Even Linux provides only a partial solution (to my knowledge). For example, zig code source has a comment in zig code saying readlink(2) will return garbage if the file is deleted (and there is no code for such case, even just panic).
And others OS implementations have other behaviour in such "ill" cases, like returning the pathname used at execve(2)-time, even if it points on a different file now. it is a easy footgun.

This lead to a second question: for what usage such path is need ? Because getting a pathname is per-se asking for trouble: the pathname could be out-of-date as soon as retrieved even if the kernel takes care of all the possible problems (see TOCTOU).

For citing an example, Rust env:current-exe() has been discussed a bit regarding this kind of problem, and several actions was done:

• documenting the possible security issue on the API #33526 - documentation
• change some usage of env::current_exe() which were dangerous : Don't use env::current_exe with libbacktrace

Regarding zig's standard library, selfExePath() is used for several things. Here all entrypoints resulting possible call to selfExePath() (which could return wrong/racy result):

• fs.zig : selfExePath()
• fs.zig : openSelfExe() - on !linux and !windows platforms
• fs.zig : selfExeDirPath()
• debug.zig : DebugInfo.getModuleForAddress() (via lookupModuleDl())
• debug.zig : printSourceAtAddress()
• debug.zig : dumpStackTraceFromBase(), writeStackTrace(), ...

Which makes me to think that every zig binary could potentially call such racy function to do the complex task of parsing a binary, whereas not all OS provides strong guarantee on the path quality. but I am unsure of the cases where stacktrace is printed (instead of an error return path).

Regarding zig compiler (the binary), it is using exclusively selfExePath():

• for introspect.findZigLibDirFromSelfExe() - searching for "std.zig" file
• for reexecuting zig in cmdBuild()

in both cases, the "traditional" way (when an application is source compiled) is to use a path provided at compile-time. but I agree it doesn't work for binary distribution where the installation directory isn't know at compile-time.

if the path returned is wrong, it would mean building a executable with "wrong" std, or code-execution to "wrong" binary. but I agree that such problem is more theorical than pratical.
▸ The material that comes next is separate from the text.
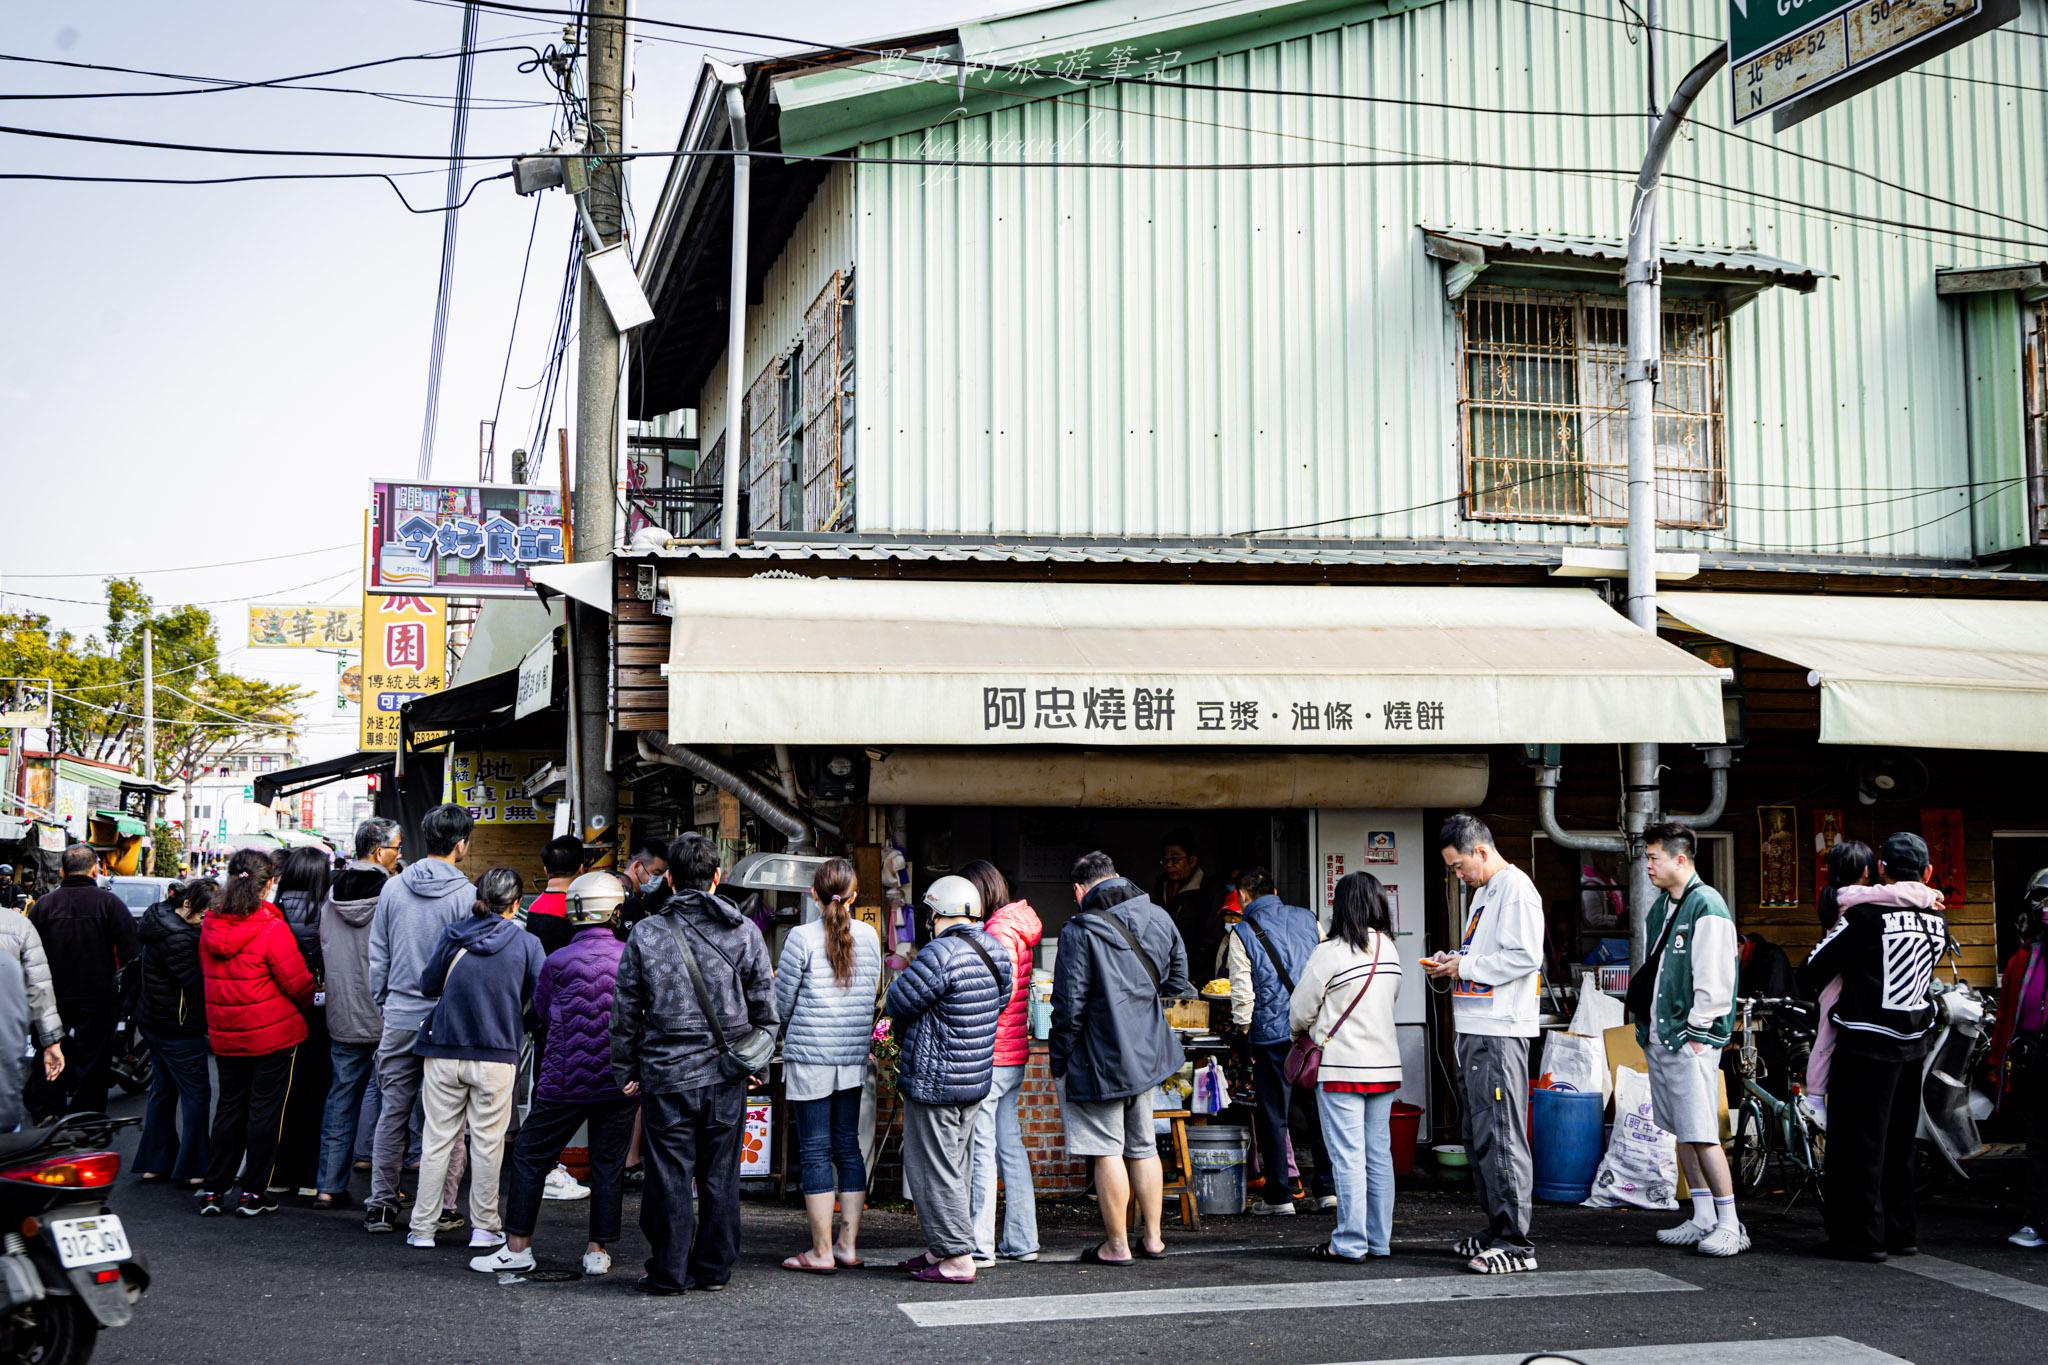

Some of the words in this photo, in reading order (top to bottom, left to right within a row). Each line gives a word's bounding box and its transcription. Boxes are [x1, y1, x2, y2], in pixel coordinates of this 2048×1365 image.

Now, if I am returning to the original question to have such interface in OpenBSD kernel. I hope to have explained correctly why the kernel should not provide possibly inaccurate pathname. Eventually, an interface which return the descriptor (like for openSelfExe()) could be looked at, but the last time it was discussed there were problem regarding how to provide such descriptor without letting restricted programs to gain too many informations (because if any program could easily read the current executable, it could gain information on possible gadgets and their relatives positions for example).

I don't understand any concerns with letting an executable read its own data.
The naive, worst-case solution could always be to embed a copy of the entire (remaining) binary executable within some read-only data segment. That burdens the linker and doubles the file size, but there is no (realistic) way of an OS ever inhibiting this.